Secondly, in the game, they exist. I realize that the game is not real, but the game has a fictional reality in which the characters exist, and in which creatures like half-orcs, half-hobgoblins, and half-elves are also real. And, if you go with "Orcs are not people [in the fictional world]", you then have to ask "At what point are those who are of orcish descent" (q.v. half-orcs) "people?"
While people like to point to the swords and armor and knights and call D&D and its descendants "medieval", I see them as having a lot more in common with Westerns.* The class of free wanderers, righting wrongs and wronging rights, be they adventurers or cowboys. The social mobility, where a simple warrior could become king (or a poor cowpoke could become a rich landowner). And the broad assertion that race (or nationality) is personality. The only ones with significant variation are "regular Americans" (humans, in D&D-likes), while everyone else broadly adheres to their stereotypes... the Englishman, the Swede, the Indian. "You're not playing an elf; you're just playing a human with pointy ears" is a common charge leveled against people who go against type, because only humans are supposed to be varied in personality.

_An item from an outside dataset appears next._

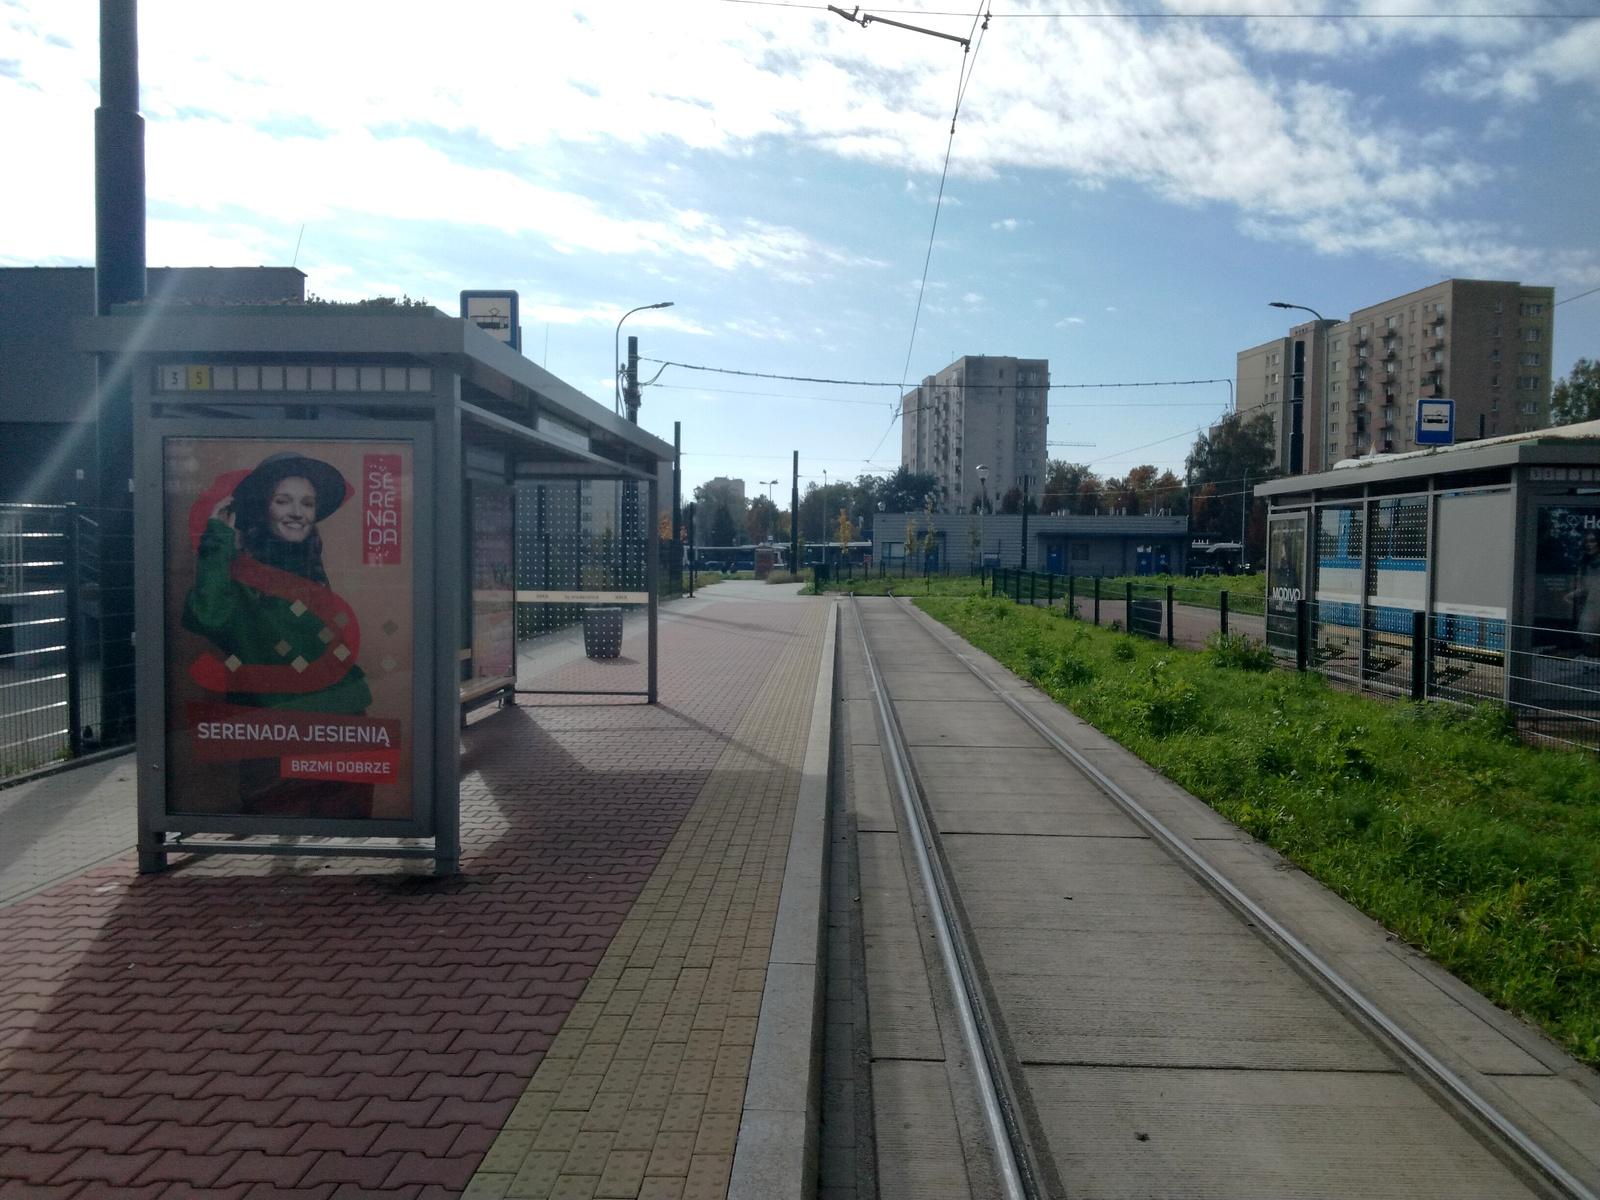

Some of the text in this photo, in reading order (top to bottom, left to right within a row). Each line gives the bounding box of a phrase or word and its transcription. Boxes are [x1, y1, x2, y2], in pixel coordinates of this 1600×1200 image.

[1272, 586, 1301, 602] MODIVO
[197, 722, 391, 748] SERENADA JESIENIĄ
[291, 759, 391, 774] BRZMI DOBRZE

This gets more severe when you look at "Indians", which D&D-likes tend to cast as humanoids. Tonto, in the Lone Ranger, was cast as the "one good Indian"... every other Indian in contemporary Westerns (the Classical Western) was a ravening savage, there to kill the Good White Folks out to Tame the West. But, as the genre continued, you saw more nuanced portrayals of Indians... Charles Bronson as the noble savage half-breed of the revisionist Western, Indian-friendly protagonists (q.v. Dances with Wolves), and even crept into more classical comedy westerns (q.v. McClintock, where the Indians are honored enemies of the title character).
In a lot of ways, these "revisionist Westerns" are what you are seeing now, and a lot of other people started seeing in 1983... drow, orcs, minotaurs, and the like as people within the fictional world, with their own reasons for doing things; reasons that make sense to them, within their culture. In short, they're being viewed as people, not just creatures up from the deep to destroy good and beauty, without reason. If they're evil, it's not solely because they "deriv[e] joy from violent acts", but because that's who their culture turns them in to. The gods they worship push them in that direction... and those gods are individuals, who might be good or evil (which somewhat differentiates them from modern religions which are more social phenomenon).
Of course, there's still room for the truly alien. Hackmaster's Morlocks, for example, infect everyone with a fungus that makes them want to infect MORE people with the fungus. You can have the supernatural creature that's more or less made of evil. But if you're taking a humanoid creature and applying to it the stereotypes that are used to demonize real people? You're treading on very thin ice, and folks are going to call you on it... and the fact that YOU don't see a problem with it does not mean that no one else does.
*Fantasy, as a genre, tends to have a lot in common with Westerns; both tend to focus on the setting as a place and character of the story, as opposed to mysteries or science fiction, which tend to focus on ideas that are being explored.